Activity
Wherever a picture appears, leave it out, and transcribe the rest of the records exactly.

Saved data entries
<<<<

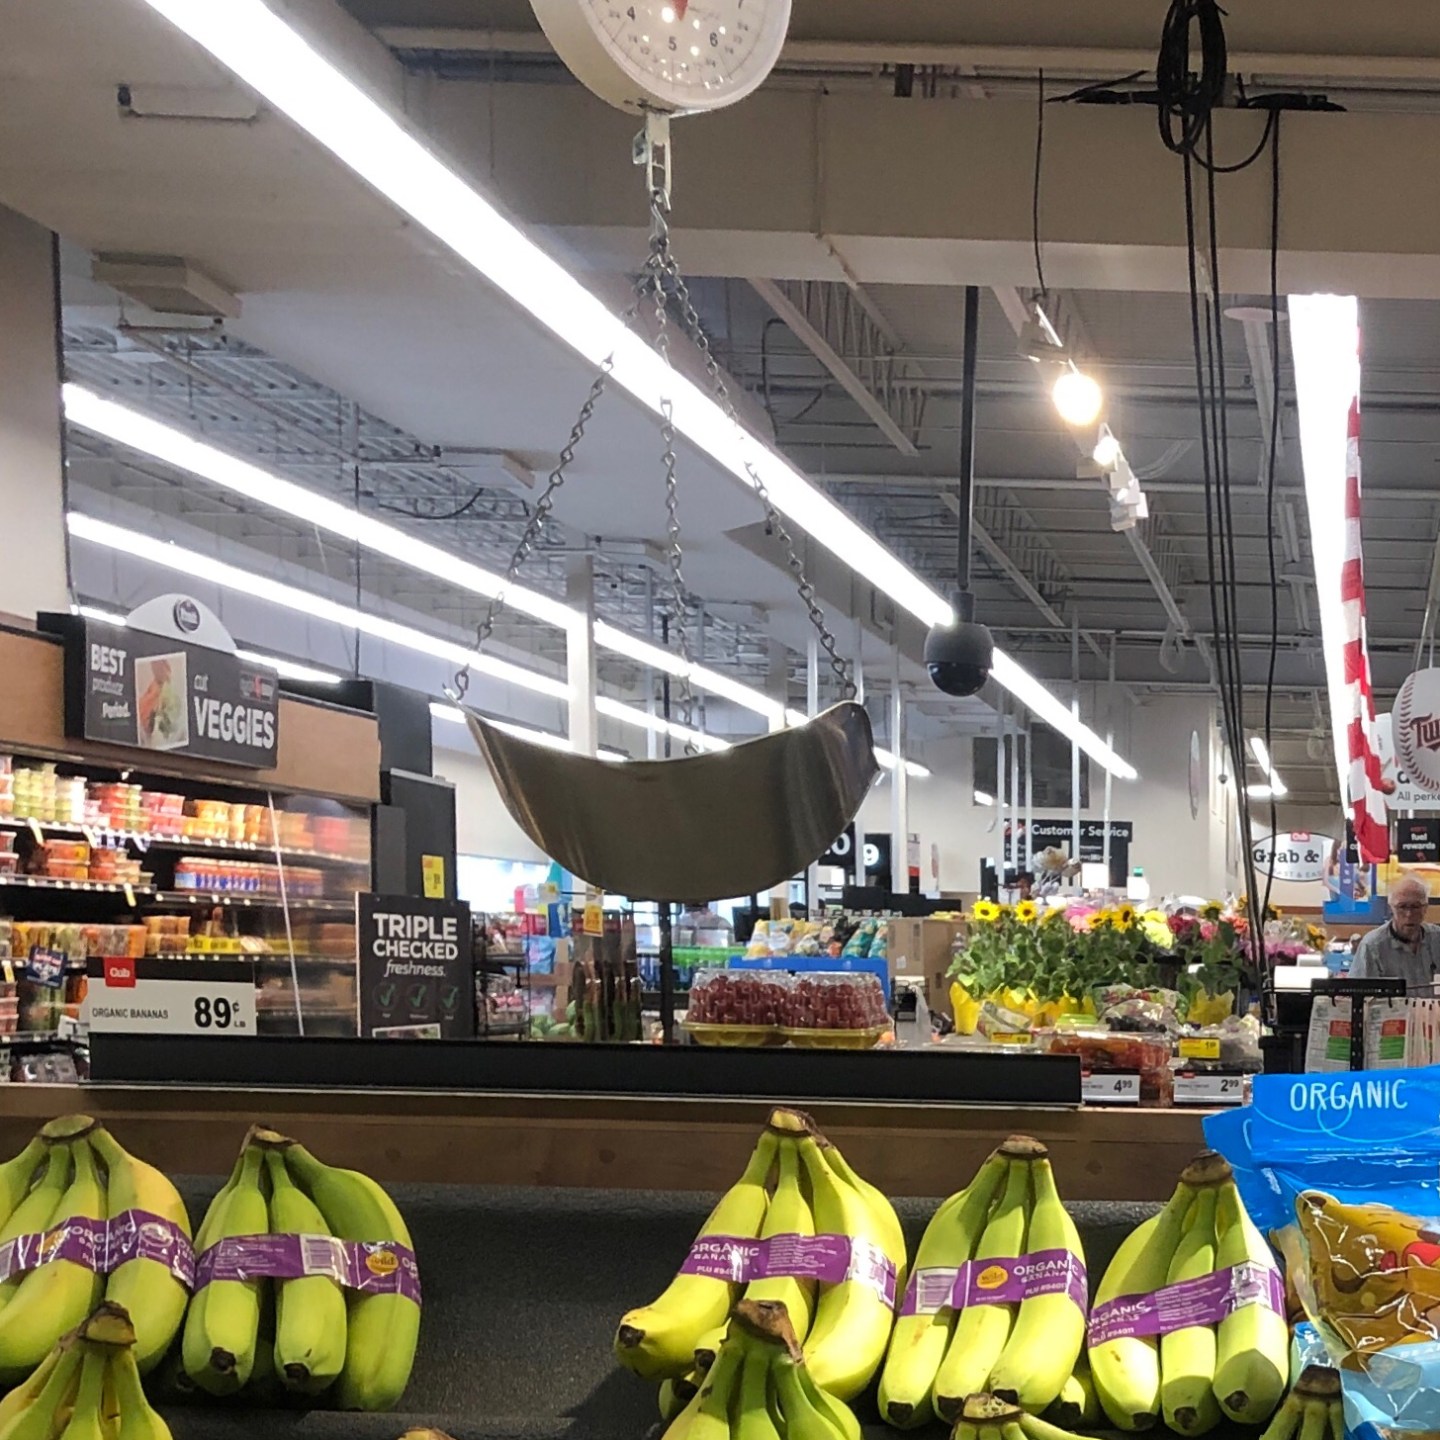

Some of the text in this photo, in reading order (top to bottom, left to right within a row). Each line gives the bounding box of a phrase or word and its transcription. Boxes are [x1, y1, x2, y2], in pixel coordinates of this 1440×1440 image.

[668, 37, 677, 51] 5
[709, 32, 719, 47] 6
[91, 643, 127, 676] BEST
[92, 675, 124, 697] produce
[102, 702, 131, 720] Period.
[193, 696, 275, 749] VEGGIES
[1397, 791, 1411, 802] All
[1031, 824, 1086, 836] Customr
[1402, 842, 1436, 851] rewards
[1253, 849, 1320, 864] Grab &
[373, 913, 458, 941] TRIPLE
[372, 939, 459, 961] CHECKED
[384, 958, 447, 978] freshness.
[92, 1007, 169, 1020] ORGANIC BANANAS
[1290, 1078, 1408, 1111] ORGANIC
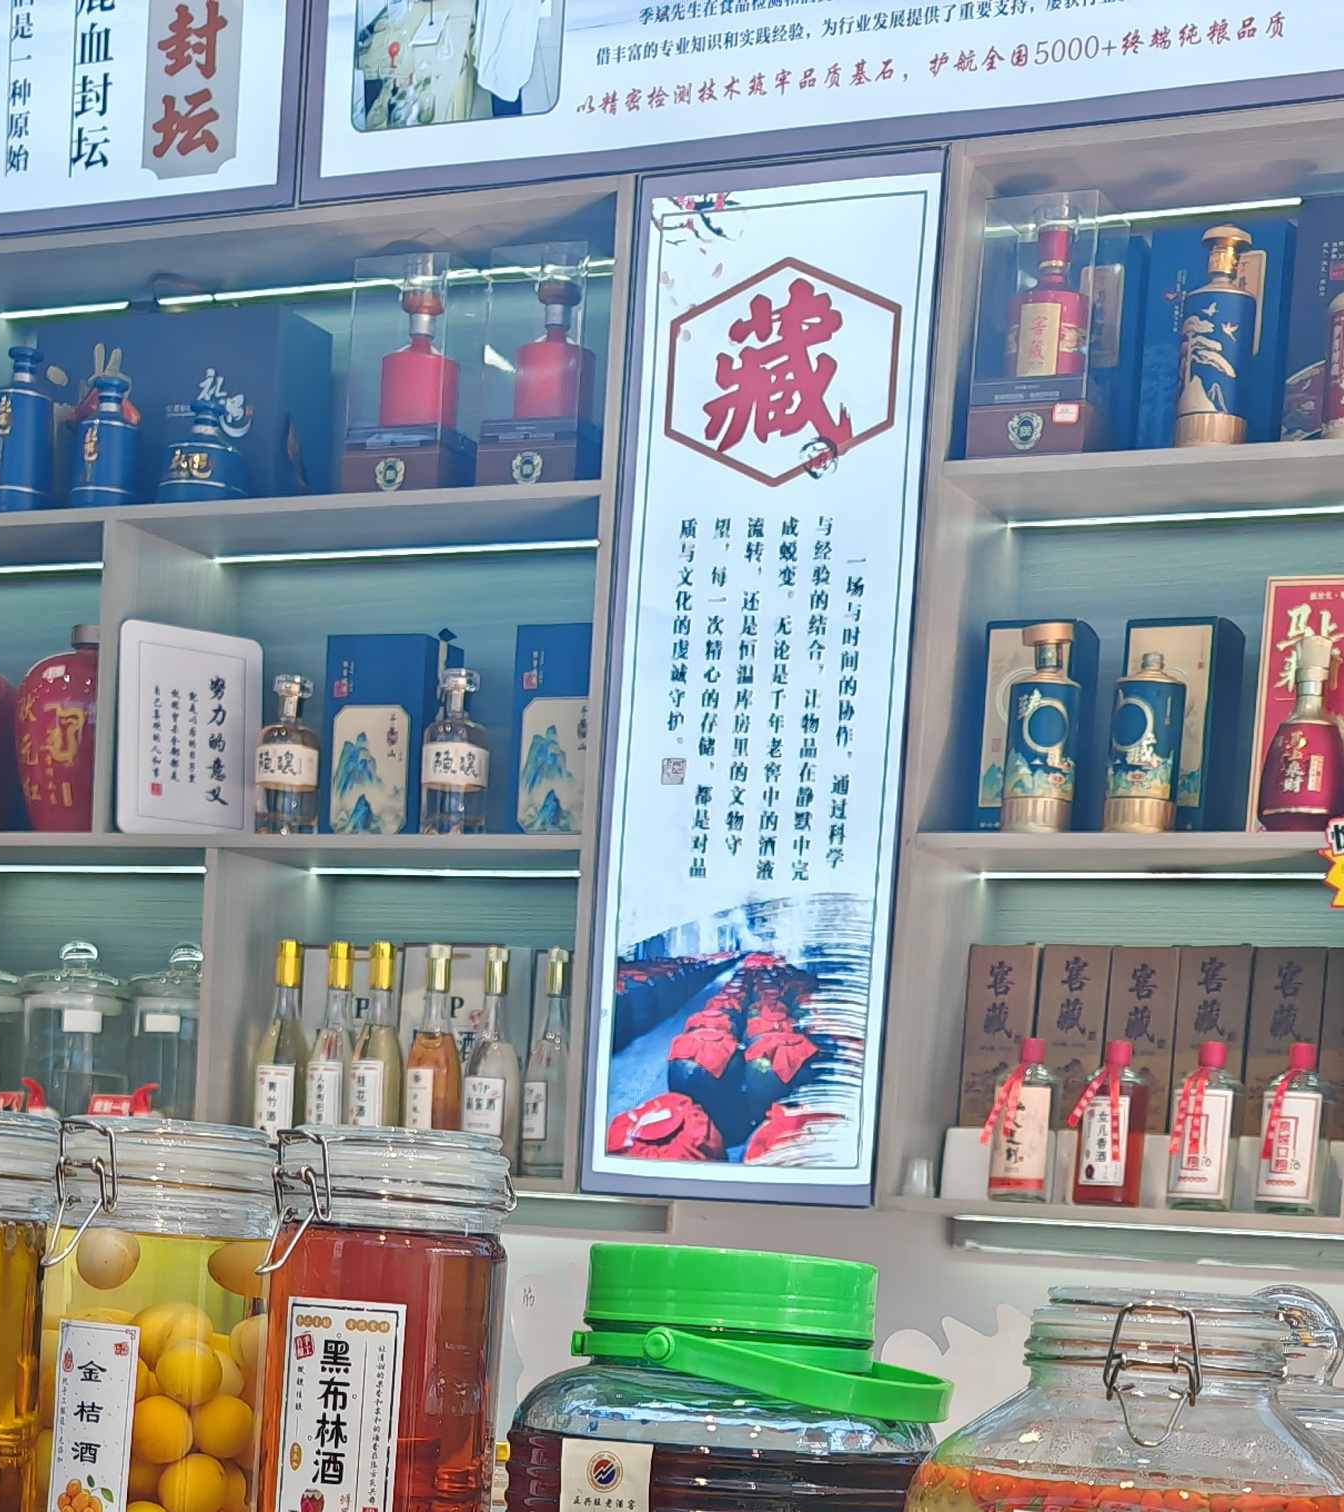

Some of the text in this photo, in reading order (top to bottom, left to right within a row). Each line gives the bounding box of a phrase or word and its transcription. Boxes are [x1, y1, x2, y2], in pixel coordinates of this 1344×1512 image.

[6, 0, 33, 173] 是一种原始
[152, 0, 227, 158] 封坛
[703, 279, 852, 452] 藏
[206, 675, 228, 806] 努力的意义
[826, 558, 866, 870] 一场与时间的协作，通过科学
[72, 1360, 108, 1465] 金桔酒
[312, 1339, 352, 1485] 黑布林酒

>>>>

Solution
Some of the text in this photo, in reading order (top to bottom, left to right within a row). Each line gives the bounding box of a phrase or word and its transcription. Boxes are [x1, y1, x2, y2], in pixel coordinates of this 1440×1440 image.

[668, 37, 677, 51] 5
[709, 32, 719, 47] 6
[91, 643, 127, 676] BEST
[92, 675, 124, 697] produce
[102, 702, 131, 720] Period.
[193, 696, 275, 749] VEGGIES
[1397, 791, 1411, 802] All
[1031, 824, 1086, 836] Customr
[1402, 842, 1436, 851] rewards
[1253, 849, 1320, 864] Grab &
[373, 913, 458, 941] TRIPLE
[372, 939, 459, 961] CHECKED
[384, 958, 447, 978] freshness.
[92, 1007, 169, 1020] ORGANIC BANANAS
[1290, 1078, 1408, 1111] ORGANIC

Some of the text in this photo, in reading order (top to bottom, left to right within a row). Each line gives the bounding box of a phrase or word and its transcription. Boxes are [x1, y1, x2, y2], in pixel coordinates of this 1344×1512 image.

[6, 0, 33, 173] 是一种原始
[152, 0, 227, 158] 封坛
[703, 279, 852, 452] 藏
[206, 675, 228, 806] 努力的意义
[826, 558, 866, 870] 一场与时间的协作，通过科学
[72, 1360, 108, 1465] 金桔酒
[312, 1339, 352, 1485] 黑布林酒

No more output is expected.